About this exercise =
With the exception of the pictures, write out the data below precisely.

** Dataset follows **

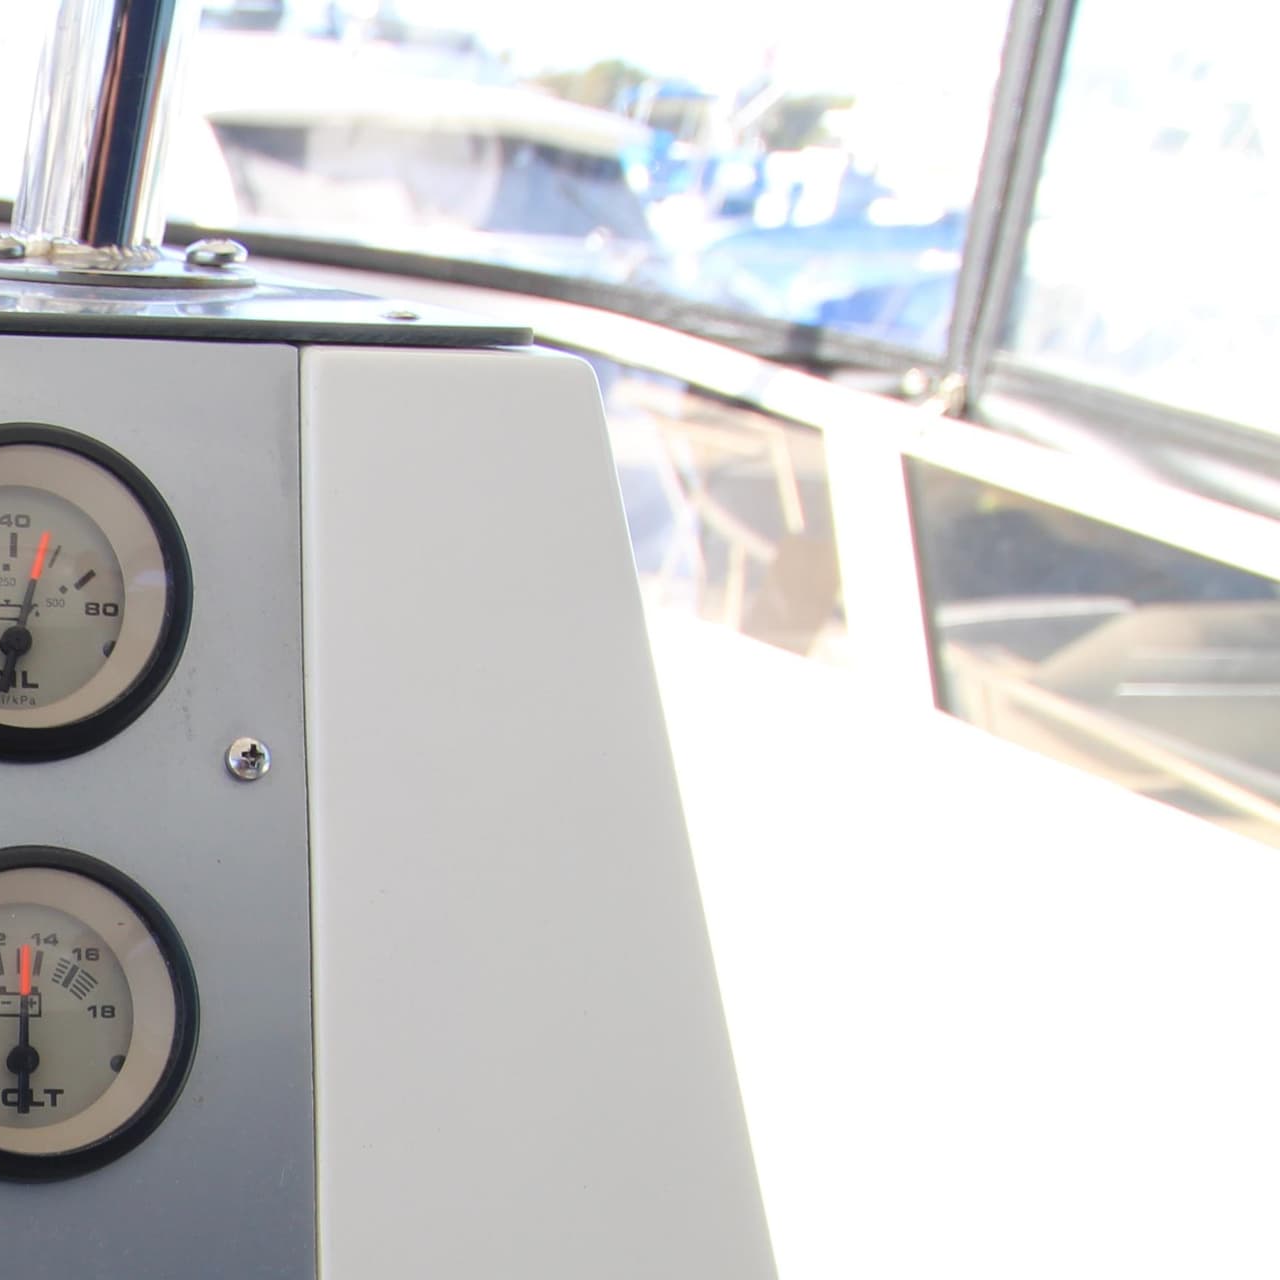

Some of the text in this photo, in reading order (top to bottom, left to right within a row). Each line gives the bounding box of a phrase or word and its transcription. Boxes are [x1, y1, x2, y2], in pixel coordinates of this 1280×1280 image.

[46, 598, 65, 608] 500
[85, 603, 119, 617] 80
[31, 933, 59, 947] 14
[72, 948, 100, 961] 16
[87, 1005, 116, 1019] 18
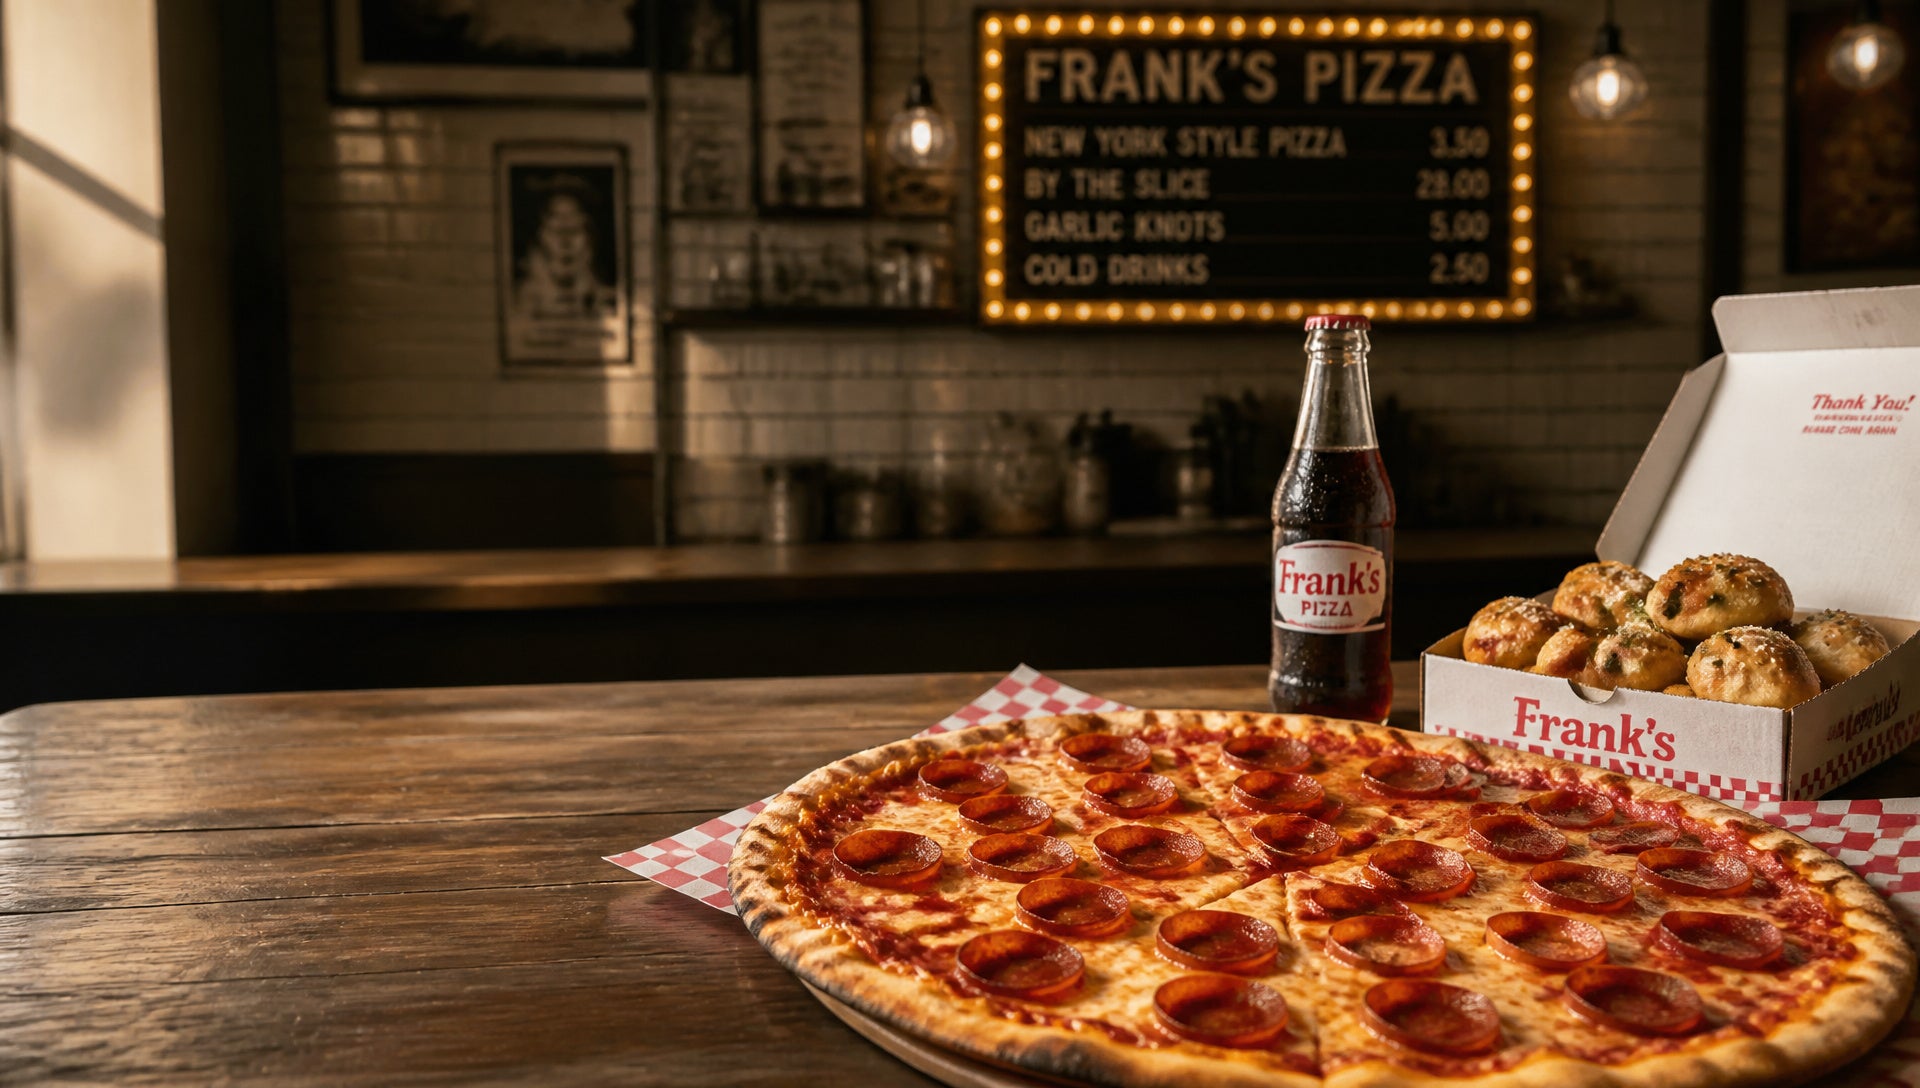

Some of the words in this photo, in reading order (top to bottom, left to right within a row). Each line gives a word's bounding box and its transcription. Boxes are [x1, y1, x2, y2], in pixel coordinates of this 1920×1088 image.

[1025, 48, 1278, 102] FRANK'S
[1305, 50, 1478, 103] PIZZA
[1024, 126, 1086, 157] NEW
[1095, 126, 1168, 157] YORK
[1177, 126, 1260, 157] STYLE
[1268, 126, 1348, 158] PIZZA
[1024, 168, 1061, 199] BY
[1071, 168, 1124, 199] THE
[1134, 168, 1210, 199] SLICE
[1024, 210, 1124, 242] GARLIC
[1134, 210, 1226, 242] KNOTS
[1429, 210, 1490, 242] 5.00
[1024, 253, 1098, 285] COLD
[1107, 253, 1210, 285] DRINKS
[1429, 252, 1490, 284] 2.50
[1812, 393, 1866, 410] Thank
[1871, 394, 1916, 411] You!
[1279, 559, 1380, 596] Frank's
[1301, 600, 1353, 617] PIZZA
[1512, 696, 1676, 762] Frank's
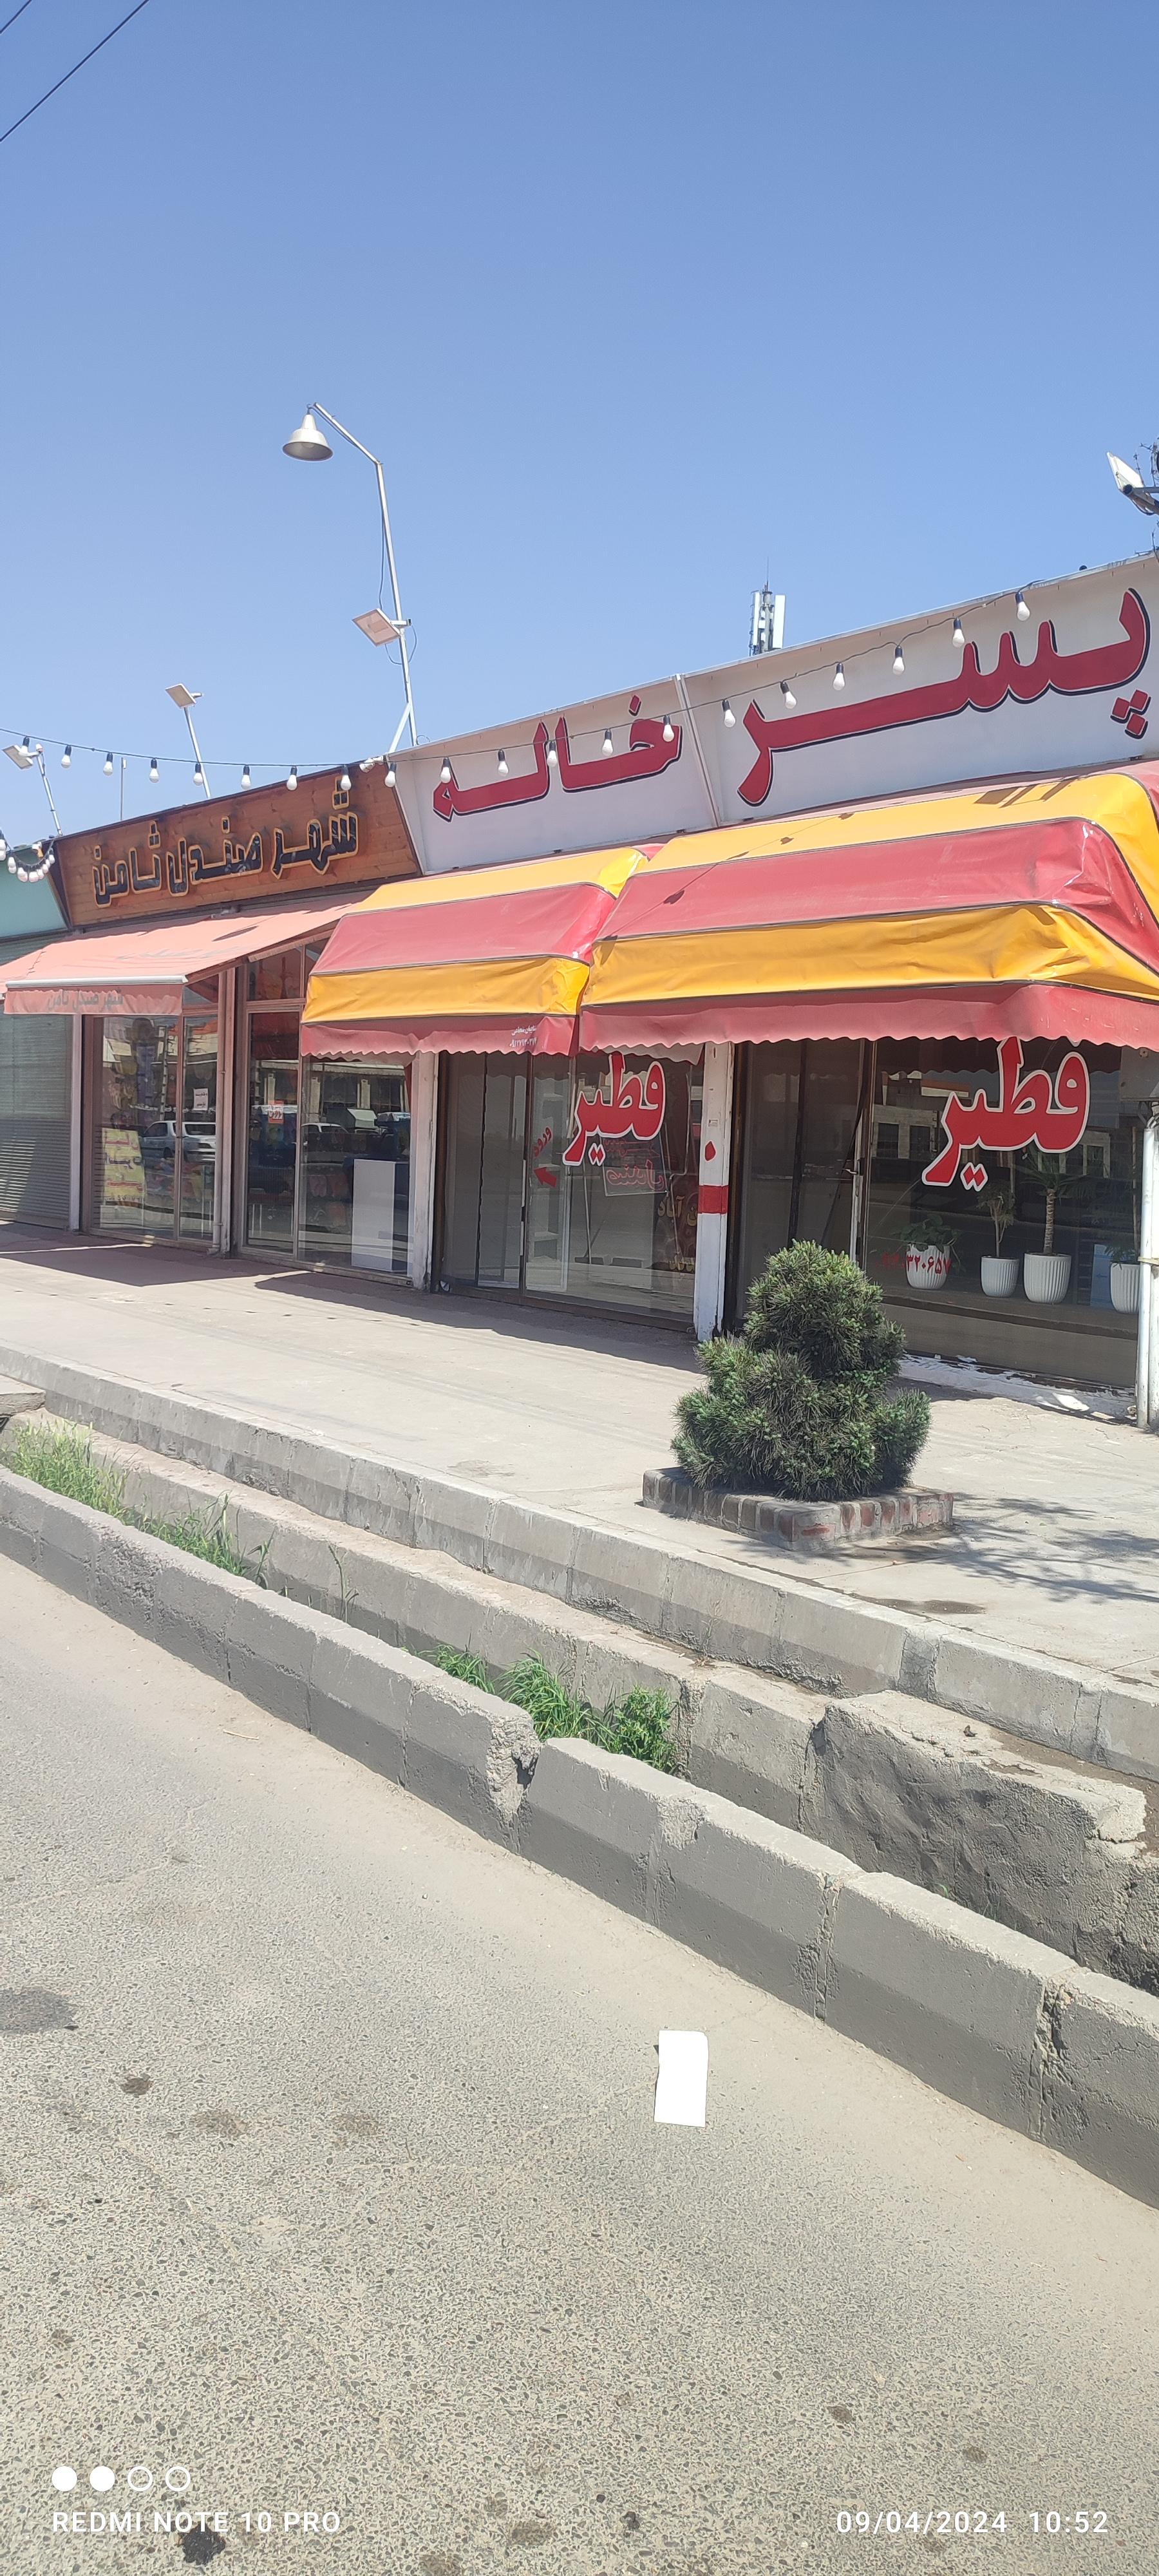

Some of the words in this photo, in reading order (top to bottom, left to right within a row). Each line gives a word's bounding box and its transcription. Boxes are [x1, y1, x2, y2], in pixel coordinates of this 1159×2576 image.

** End of Dataset **

Exercise output =
Some of the text in this photo, in reading order (top to bottom, left to right within a row). Each line gives the bounding box of a phrase or word and its transcription. Boxes are [x1, y1, x2, y2], in pixel coordinates of this 1280×1280 image.

[46, 598, 65, 608] 500
[85, 603, 119, 617] 80
[31, 933, 59, 947] 14
[72, 948, 100, 961] 16
[87, 1005, 116, 1019] 18

Some of the words in this photo, in reading order (top to bottom, left to right within a row). Each line gives a word's bounding box and its transcription. Boxes are [x1, y1, x2, y2], in pixel coordinates of this 1920×1088 image.

[1025, 48, 1278, 102] FRANK'S
[1305, 50, 1478, 103] PIZZA
[1024, 126, 1086, 157] NEW
[1095, 126, 1168, 157] YORK
[1177, 126, 1260, 157] STYLE
[1268, 126, 1348, 158] PIZZA
[1024, 168, 1061, 199] BY
[1071, 168, 1124, 199] THE
[1134, 168, 1210, 199] SLICE
[1024, 210, 1124, 242] GARLIC
[1134, 210, 1226, 242] KNOTS
[1429, 210, 1490, 242] 5.00
[1024, 253, 1098, 285] COLD
[1107, 253, 1210, 285] DRINKS
[1429, 252, 1490, 284] 2.50
[1812, 393, 1866, 410] Thank
[1871, 394, 1916, 411] You!
[1279, 559, 1380, 596] Frank's
[1301, 600, 1353, 617] PIZZA
[1512, 696, 1676, 762] Frank's

Some of the words in this photo, in reading order (top to bottom, left to right within a row). Each line gives a word's bounding box and its transcription. Boxes are [x1, y1, x2, y2], in pixel coordinates of this 1159×2576 image.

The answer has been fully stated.